The blind man’s life is transformed. He didn’t ask for this to happen, Jesus chose him. The man is no longer a beggar; his place in society has been changed. His interaction with others in his life has changed. People don’t believe that he is the person they knew. His relationship with Jesus has totally changed him. They say, it can’t be him. He is too different. He doesn’t fit their expectations of him any longer.
The man had accepted God’s freely given love for him and his response is to let go of his old way of life and be transformed by the healing power of God’s grace. He already was living on the margins of his society and now has the courage to be whom God is calling him to be, a witness to God’s healing presence in the world. He stands up to the religious authorities and proclaims, Never since the world began has it been heard that anyone opened the eyes of a person born blind. If this man were not from God, he could do nothing.” (John 9: 32-33) He confronts the religious authorities with their own blindness.
The man who can now see, doesn’t look back, he doesn’t try to fit into the faith community’s expectations of him. He recognizes Jesus as Lord and risks everything to follow Jesus. Jesus who has given him eyes to see the world around him in new ways. God’s love flowing through Jesus gives the man a new way to be in the world. He connects with Jesus and his life is transformed.

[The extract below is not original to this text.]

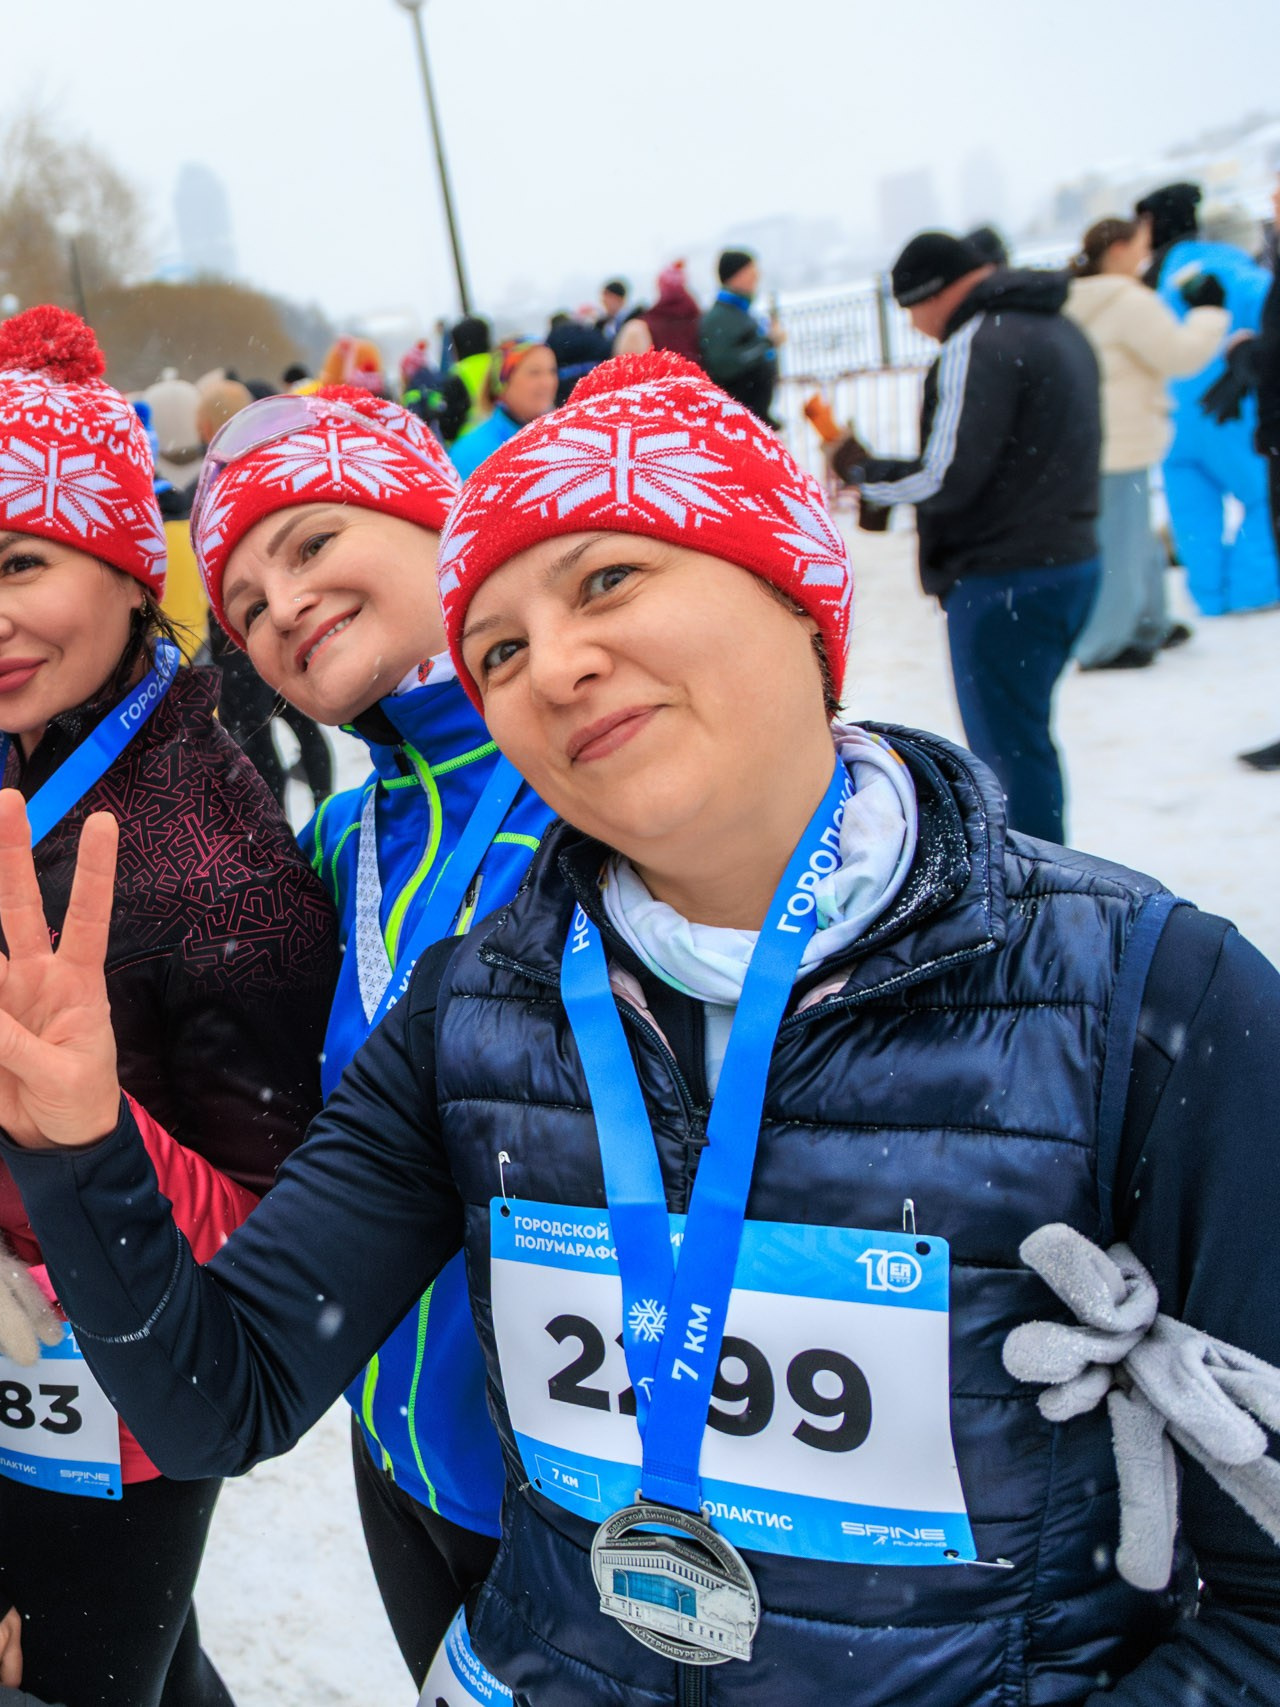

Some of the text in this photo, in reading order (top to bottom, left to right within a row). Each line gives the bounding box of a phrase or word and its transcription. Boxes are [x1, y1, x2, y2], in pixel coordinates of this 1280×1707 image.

Today we are gathering in a new way of being church, using the technology available to us to stay connected with each other and Jesus. We are trying something new and it may transform the way we gather as Christ’s church in the future. Just as the blind man didn’t look back once Jesus had given him his sight, Jesus is calling us as his church to not look back but to move forward in courage and faith. We have the light of Christ to guide us on the path; we have the Spirit’s spring of water within us giving us eternal life in Christ. As fear and anxiety fills our society during this health crisis we are called to focus on connections. How do we stay connected to each other and our Lord? How do we be Christ’s Body in our world today? The coronavirus has shown us how interconnected our world is today. We, as a society were blind, we could ignore our inter-connectedness but now we see how we are connected globally, economically and socially. How we react to the health crisis will impact the lives of those we love and the lives of total strangers.
As disciples of Jesus Christ we are called to show God’s love to our world, to bring healing and reconciliation to those around us. Walking in the light of Christ we are to work for justice and respect the dignity of every human being. As we heard in Ephesians this morning, Live as children of light— for the fruit of the light is found in all that is good and right and true. (Eph. 5:8-9) Do what you can right now to bring healing to our world. If that means staying in self-quarantine to protect each other’s health during this time then do it. Our lives are being disrupted and changed, but God is in the midst of this and we are to give glory to God through our actions. We are to do what we can to bring healing and reconciliation to our communities. As Bishop Curry said this past week, “we need to be contagious with healing the well being of others, we need to be contagious with the love of God poured out in our world.”
We don’t know how long this health crisis will continue, but we are the Body of Christ in our world today. We live in the light of Christ empowered by God’s Spirit to give glory to God through our actions. So this week pray for the healing of our world, for those who are suffering physically, mentally and economically right now. Pray that our country uses its resources wisely for the benefit of all people. Stay connected with each other through the use of technology, even as we are physically separated for the common good. And finally as our Presiding Bishop said, be contagious with the love of God poured out in our world.